# SUPPLIED RECORDS:
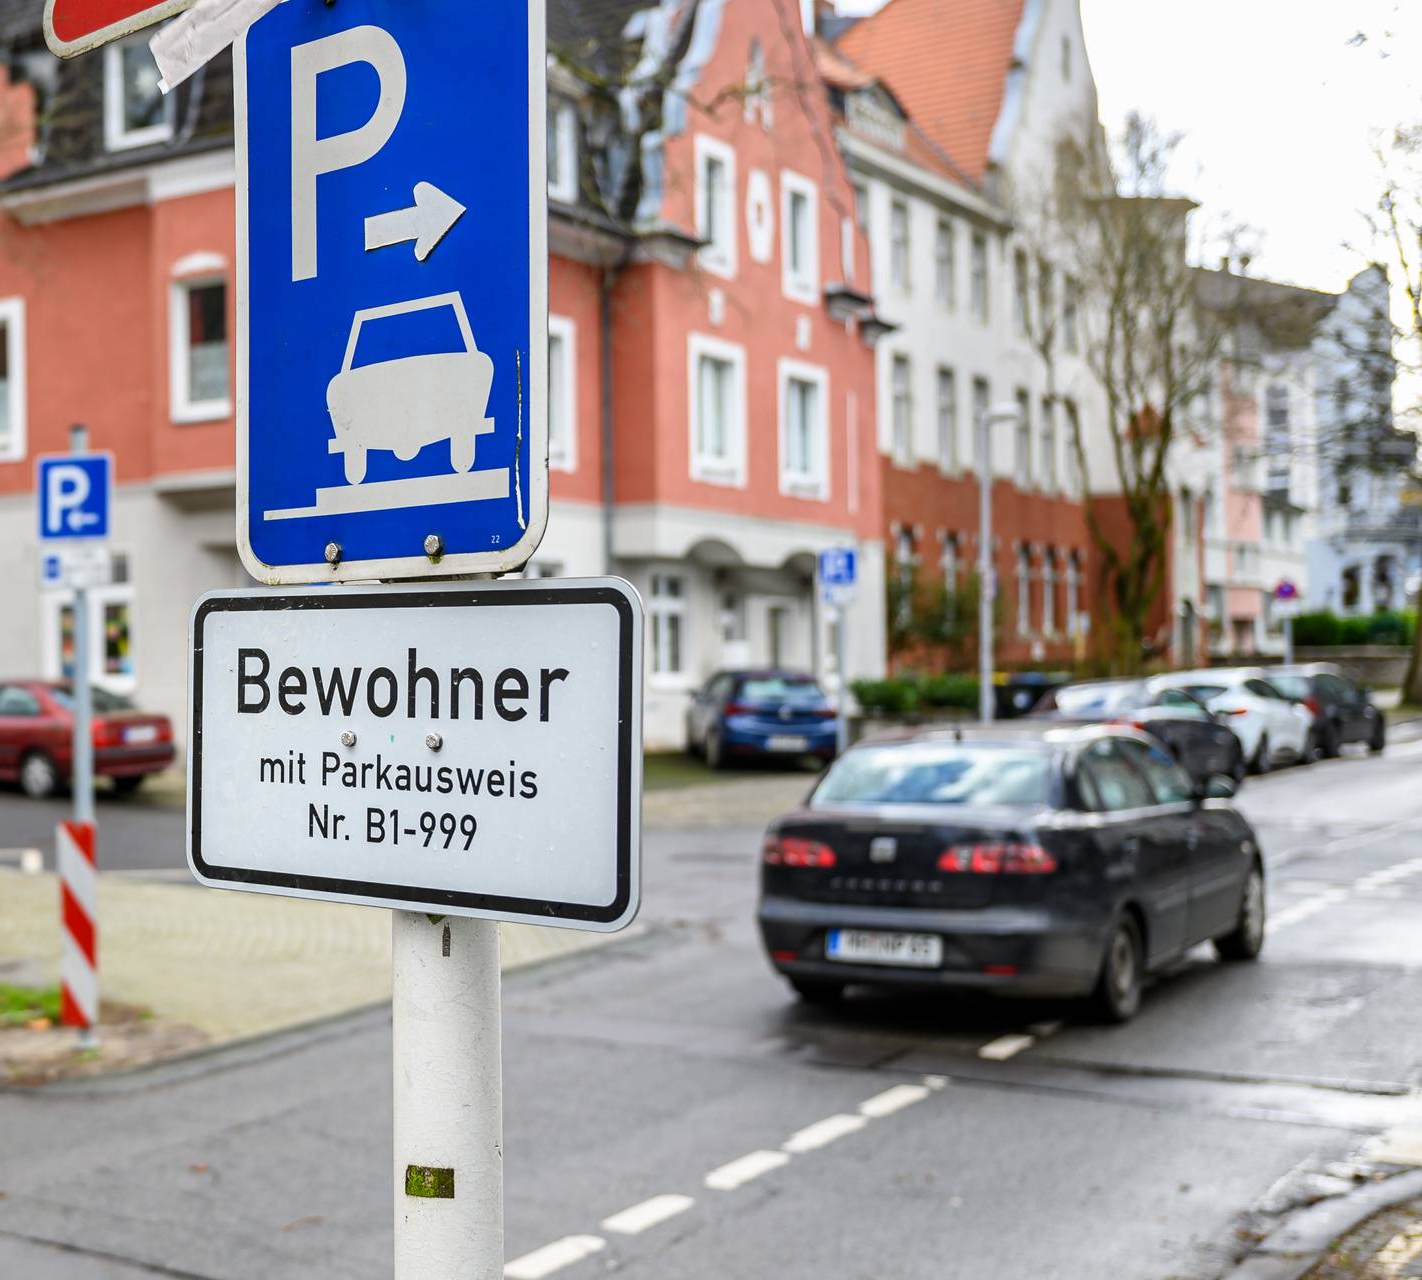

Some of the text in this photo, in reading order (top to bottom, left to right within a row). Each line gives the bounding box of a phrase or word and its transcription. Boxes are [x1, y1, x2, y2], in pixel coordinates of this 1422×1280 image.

[290, 24, 407, 282] P
[47, 464, 91, 533] P
[490, 534, 501, 544] 22
[236, 647, 571, 723] Bewohner
[259, 749, 539, 800] mit Parkausweis
[308, 803, 478, 851] Nr. B1-999
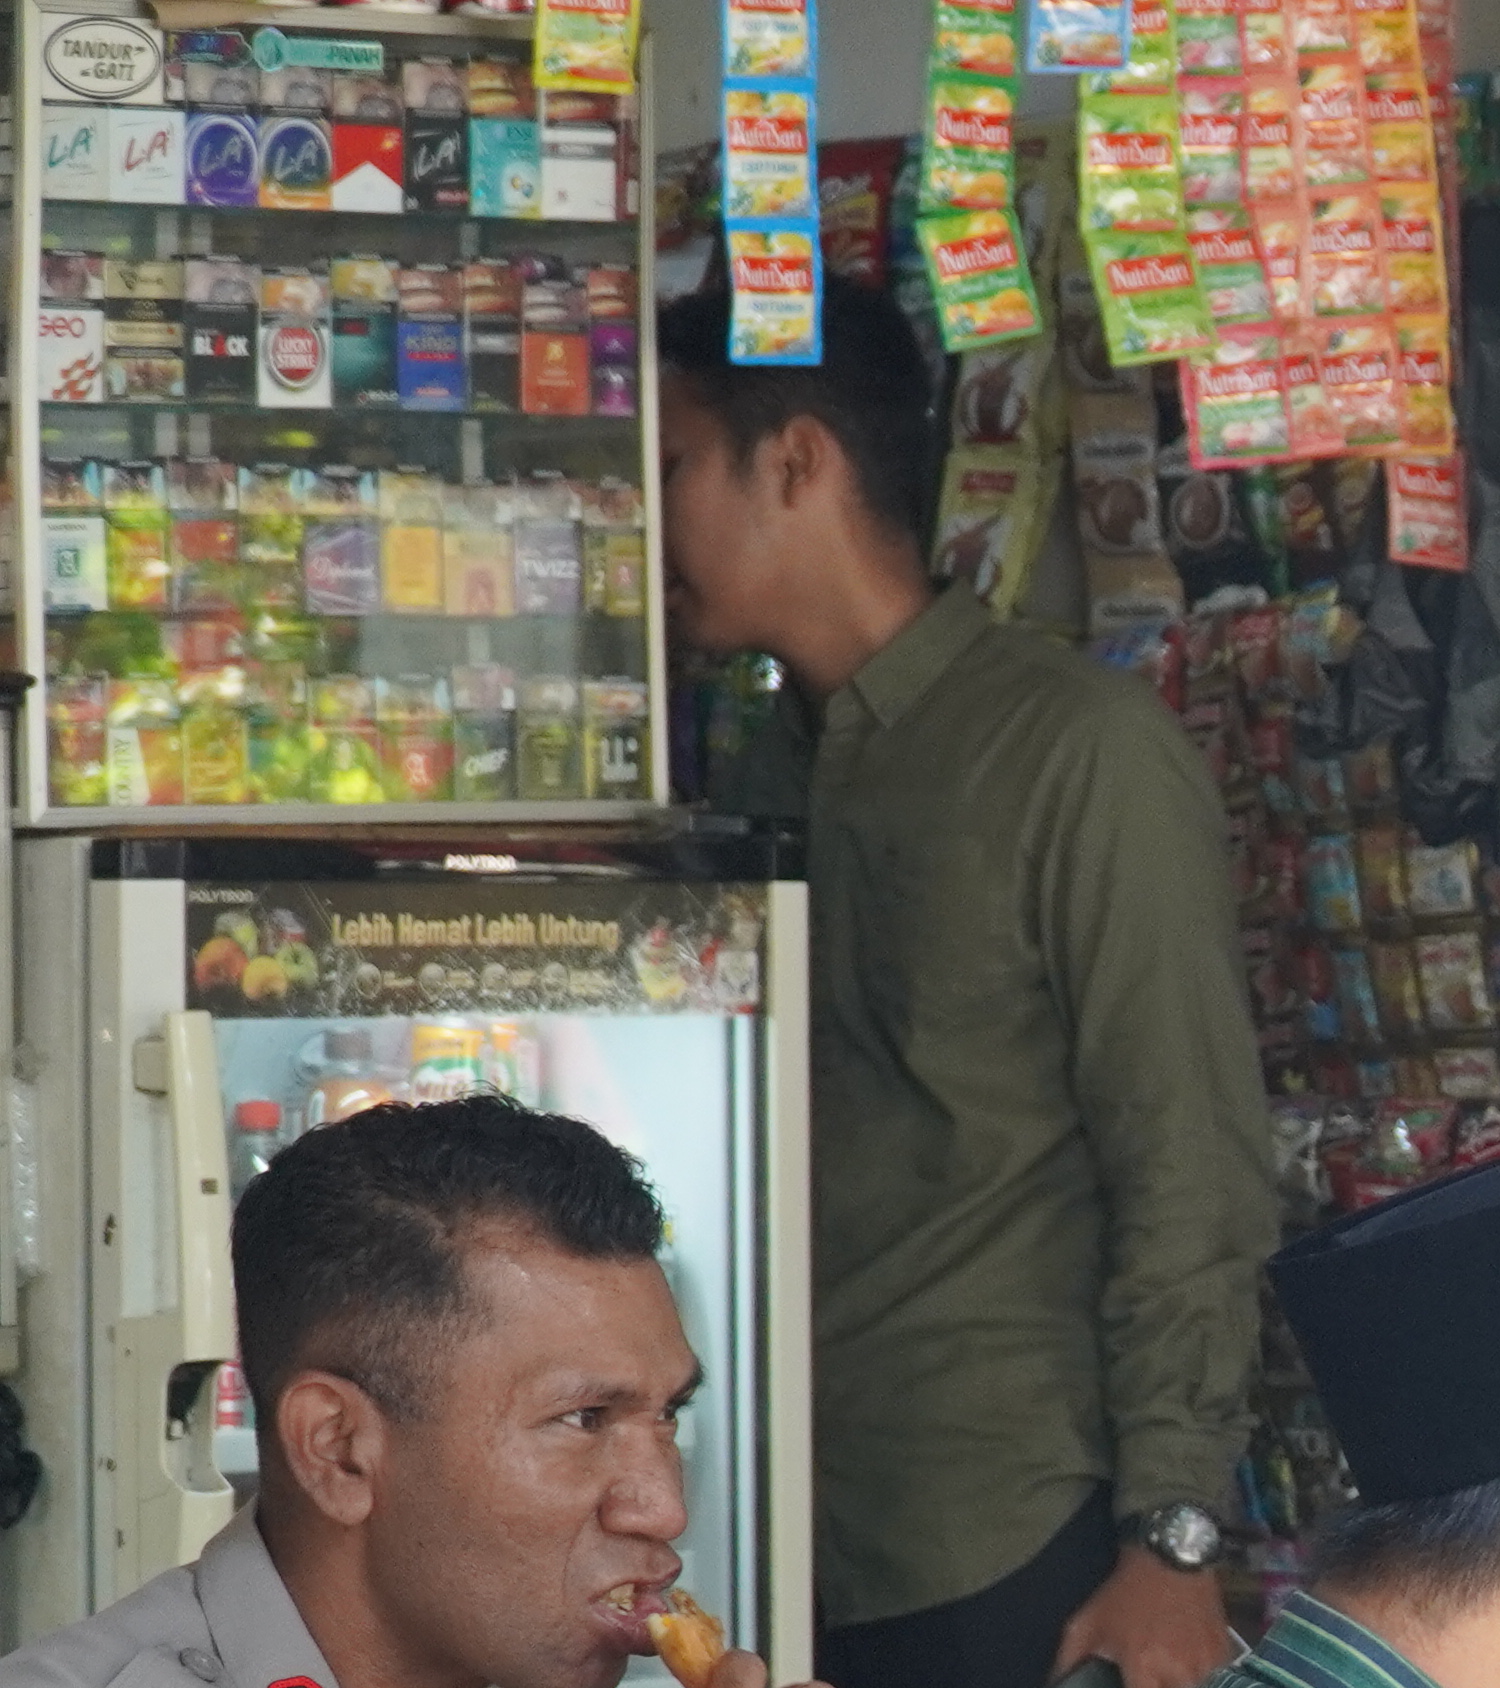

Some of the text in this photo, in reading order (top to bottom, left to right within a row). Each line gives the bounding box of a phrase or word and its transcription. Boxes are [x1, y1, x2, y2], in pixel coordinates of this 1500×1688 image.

[331, 913, 620, 952] Lebih Hemat Lebih Untung

# INSTRUCTIONS FOR THE TASK:
Exact copy, pictures excluded: restate every record above word for word.

# RESPONSE TO THIS TASK:
Some of the text in this photo, in reading order (top to bottom, left to right within a row). Each line gives the bounding box of a phrase or word and its transcription. Boxes are [x1, y1, x2, y2], in pixel coordinates of this 1422×1280 image.

[290, 24, 407, 282] P
[47, 464, 91, 533] P
[490, 534, 501, 544] 22
[236, 647, 571, 723] Bewohner
[259, 749, 539, 800] mit Parkausweis
[308, 803, 478, 851] Nr. B1-999

Some of the text in this photo, in reading order (top to bottom, left to right within a row). Each line gives the bounding box of a phrase or word and its transcription. Boxes are [x1, y1, x2, y2], in pixel coordinates of this 1500×1688 image.

[331, 913, 620, 952] Lebih Hemat Lebih Untung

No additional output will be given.